• [Exercise details] What you return must be the data below, word for word, without any images.

(Beginning of Source material)

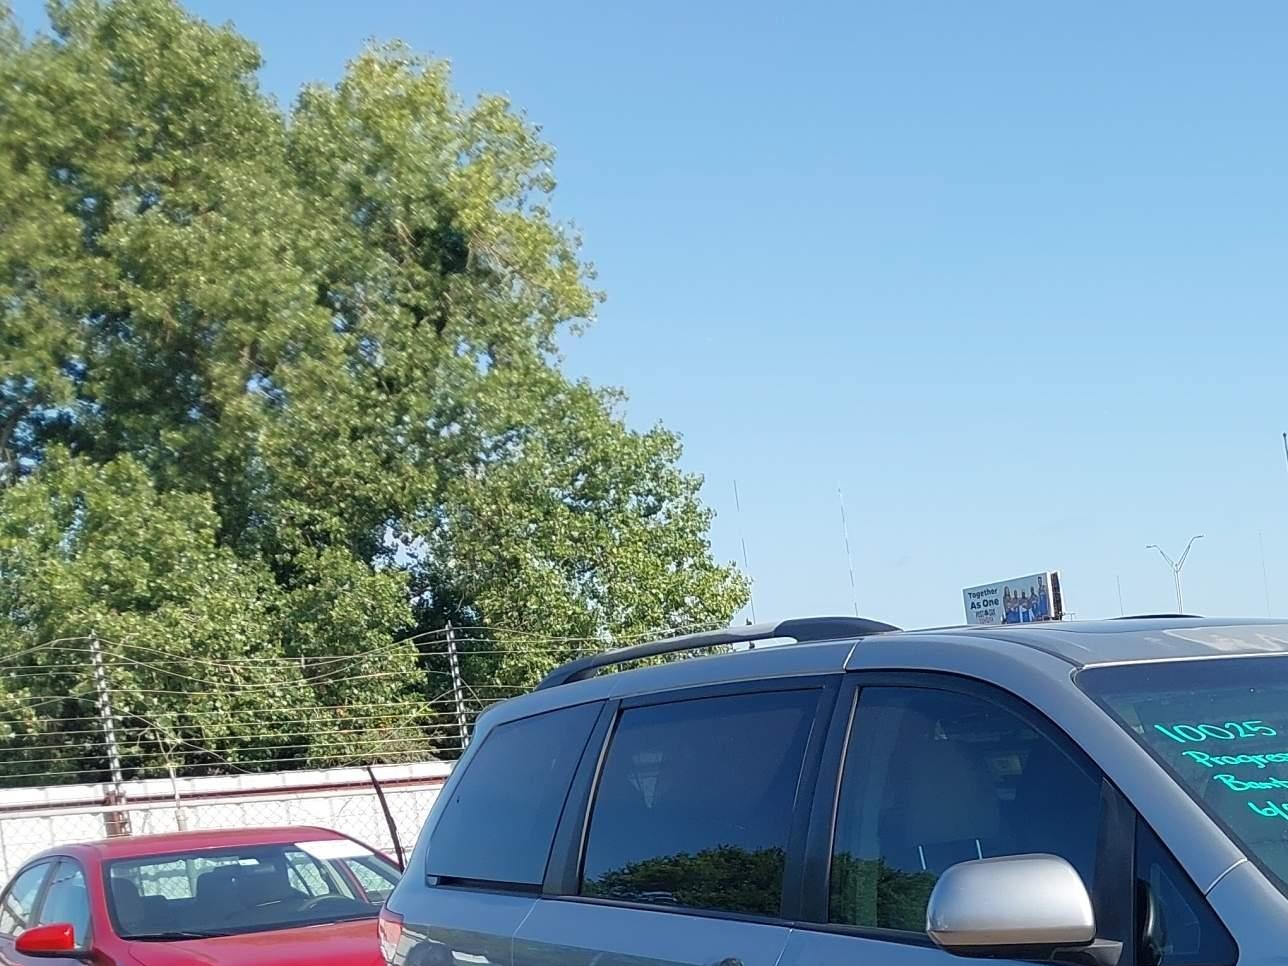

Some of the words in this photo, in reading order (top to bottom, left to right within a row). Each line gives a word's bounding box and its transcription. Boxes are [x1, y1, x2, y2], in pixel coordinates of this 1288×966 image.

[968, 588, 998, 599] Together
[970, 601, 982, 610] As
[982, 598, 1000, 608] One
[1154, 720, 1277, 743] 10025

(End of Source material)

• [Output of the task]
Some of the words in this photo, in reading order (top to bottom, left to right within a row). Each line gives a word's bounding box and its transcription. Boxes are [x1, y1, x2, y2], in pixel coordinates of this 1288×966 image.

[968, 588, 998, 599] Together
[970, 601, 982, 610] As
[982, 598, 1000, 608] One
[1154, 720, 1277, 743] 10025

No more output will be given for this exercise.